For the next several weeks I lived in fear of exposure, expecting her to share with all of our mutual friends what she had witnessed. But, as I later learned, she kept it strictly to herself. Instead, she arranged to meet with Mom in a quiet location and they talked for an hour over coffee.

A few days later, Jen asked me to see her again, and I joined her in a quiet corner of the university library.

She got right to the point. “Your mom explained everything to me,” she said, “all about your childhood and your black moods, and how she has always tried to understand and help you to deal with them. She seems like a really good mother.”

“You must think I’m really weird,” I said. “And weak. You couldn’t possibly respect me after what you saw.”

“You’re the most wonderful man I’ve ever met, Brian, and I love you. I don’t fully understand what goes on inside you, but I have some idea and I’m willing to try to accept it. If you want me to, that is.”

“I can’t even look you in the eye now.”

“Everyone has secrets.”

“Not like this.”

“You’d be surprised,” she said. “I’m a psychology major, remember, and I know a lot about people’s needs and wants. Some are lots worse than yours. I want us to get back together, get married and have a good life together.”

“You say that now,” I said, dispirited. “You’ll change your mind.”

“Won’t you at least give me a chance?”

We talked long into the afternoon, and I began to dare to believe that it might work. But I finally addressed the elephant in the room. “Sometimes I can’t control my moods,” I said. “I may have to go away for a while when that happens.”

“No,” Jen said. “When that happens, we’ll deal with it.”

“How?” I asked.

“The same way your mom has always done.”

I could hardly believe what she was saying. “You can’t mean…”

“Why not? I won’t mind doing it, and it really won’t make me love or respect you any less. I’ll just be grateful that I can take care of something you really need, just as I’m sure you would do for me.”

Well, we’ve been married a long time now – content and successful in separate careers and the parents of two fine, well-adjusted children. I rarely have to ask Jen for one of my infrequent spankings but she always seems to sense when I need one. When a black mood comes on, she puts me over her lap and spanks me until I find relief. 

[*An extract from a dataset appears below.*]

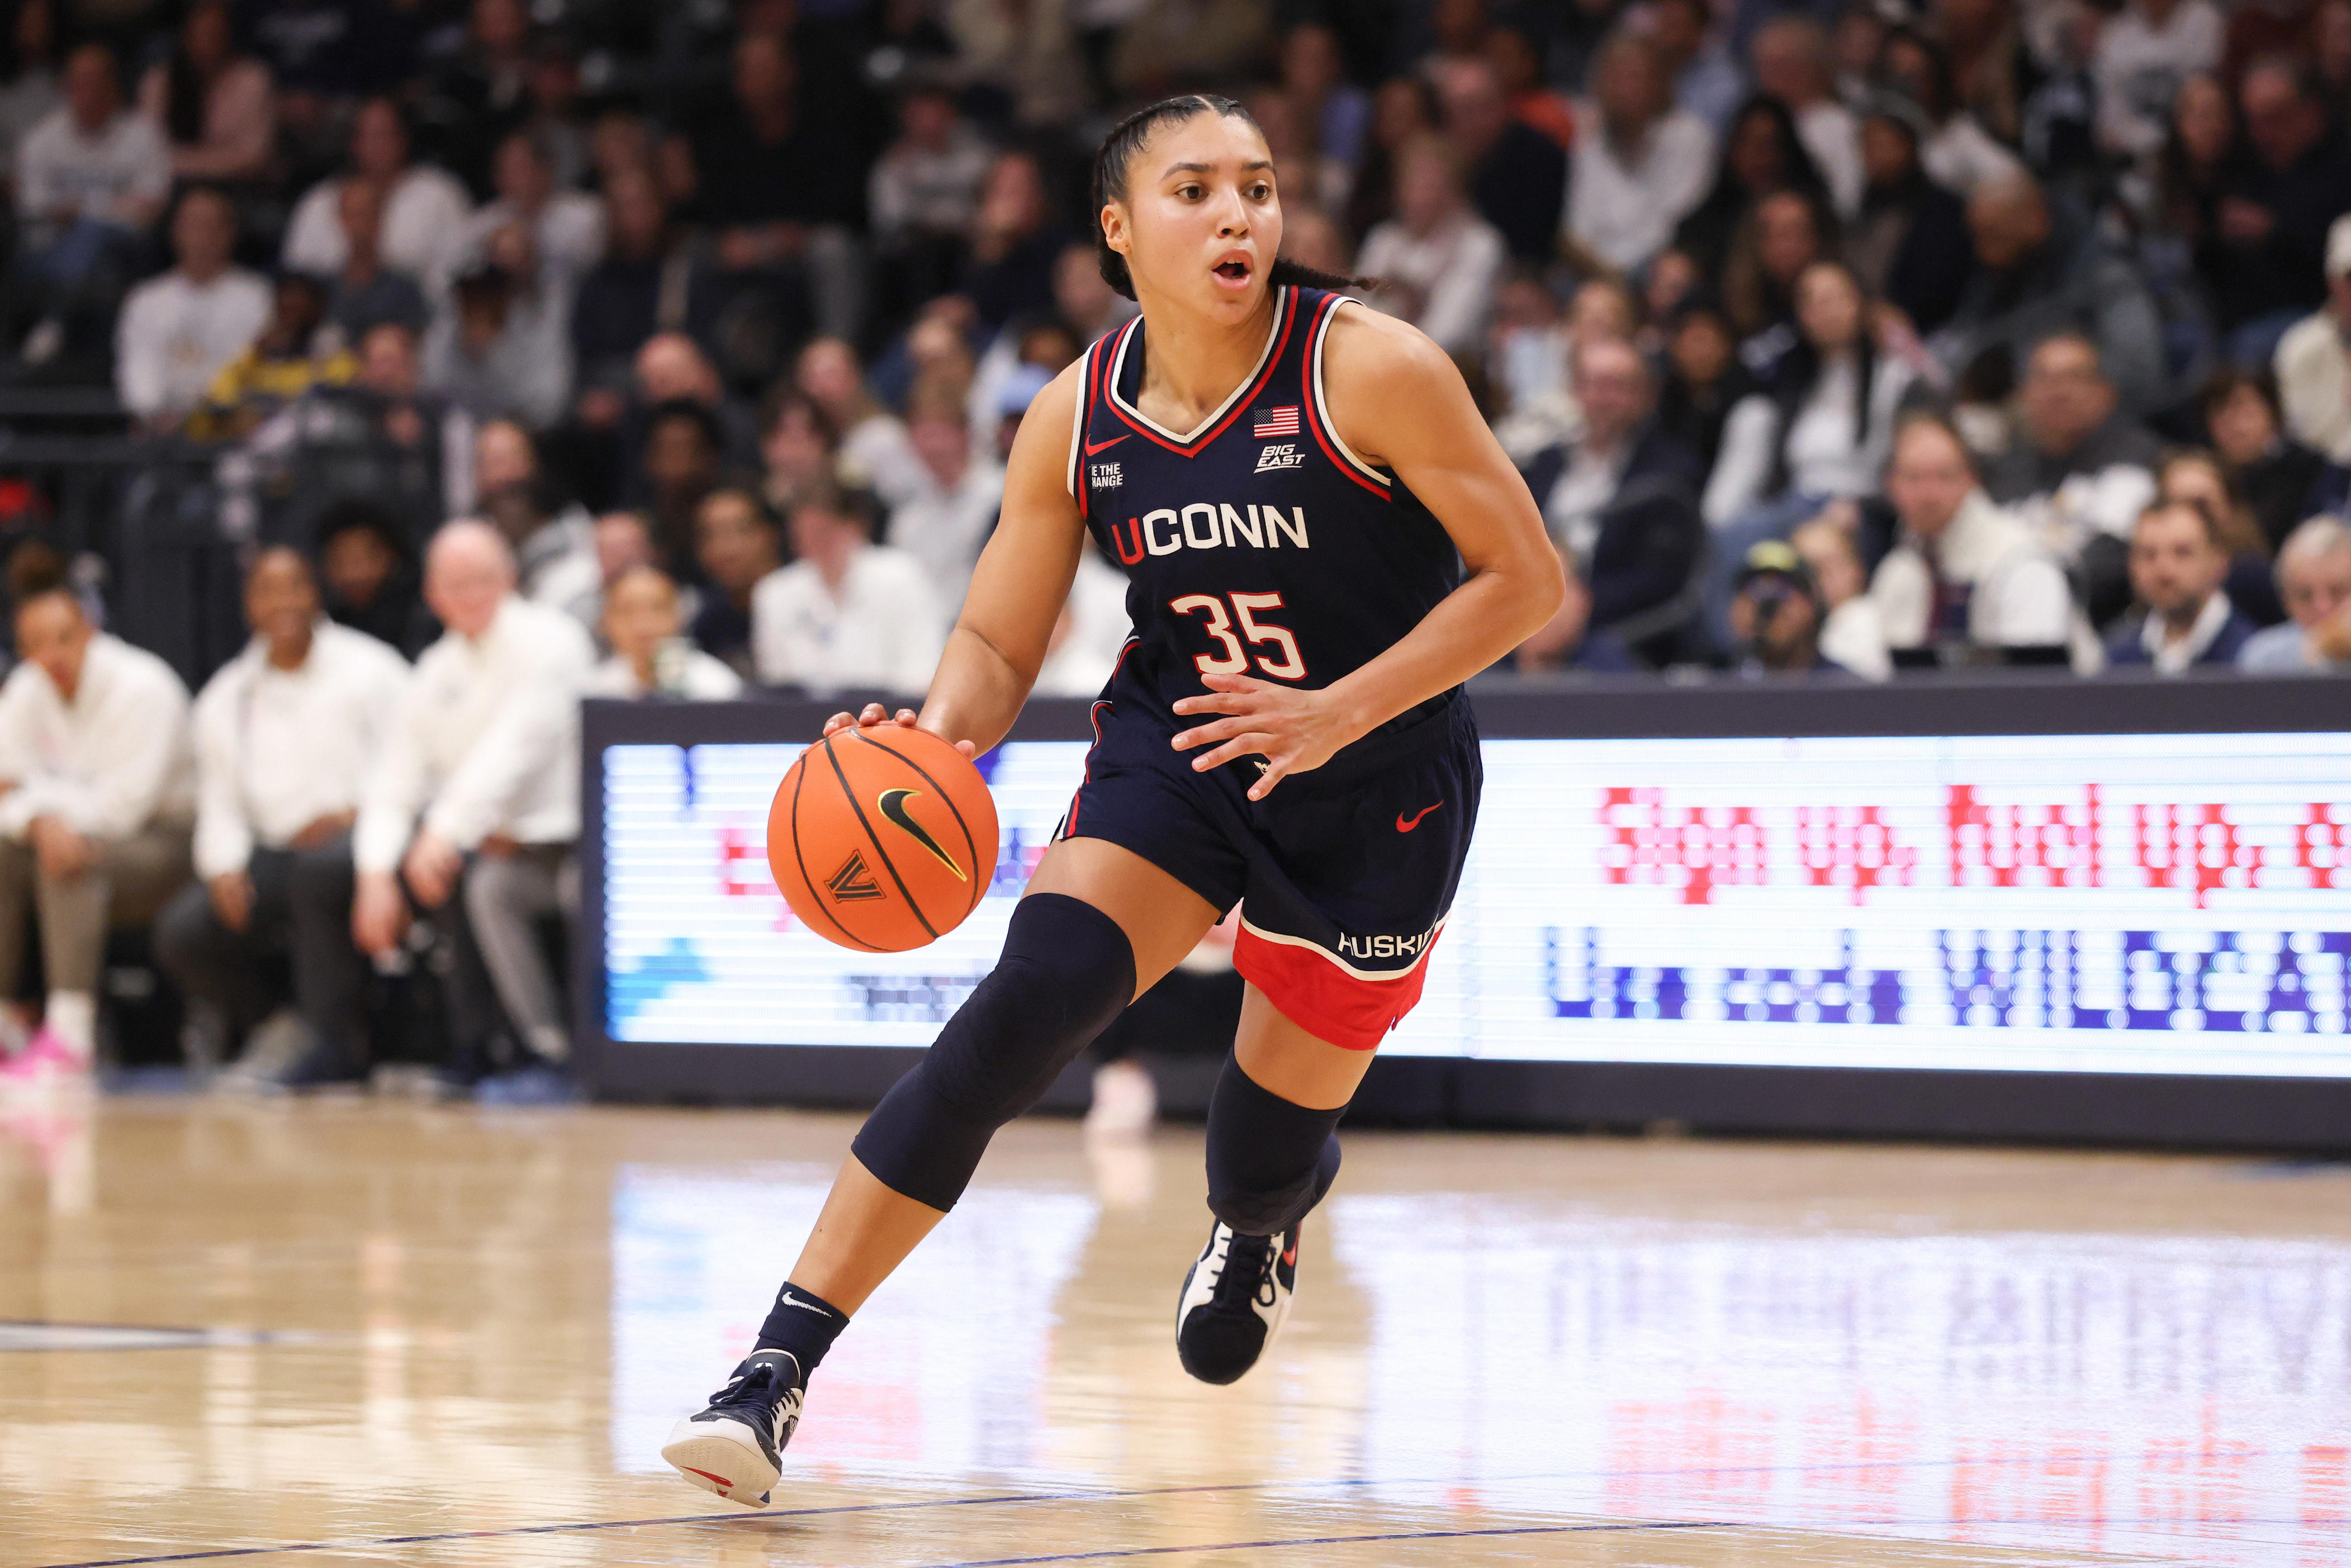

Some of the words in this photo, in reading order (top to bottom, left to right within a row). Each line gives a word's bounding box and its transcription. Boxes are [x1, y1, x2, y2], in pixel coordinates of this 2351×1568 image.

Once in a while, however, my depression can run so deep that I need her to hurt me – really hurt me. Jen (the psychologist) says it’s a deep-seated desire to be punished, although I can’t imagine what for. She hates doing it, but understands that I need it.

She takes me to our bed, lays me face down with my bare bottom elevated by several pillows, and ties my hands behind my back. Then she gives me a long and intense spanking with the grooved paddle that Mom passed on to her. The physical effects last for days – the emotional satisfaction, much longer.

The question will probably always remain open as to whether children should ever be spanked. I don’t claim to have an answer, but I’ve always been glad that I was, and continue to be.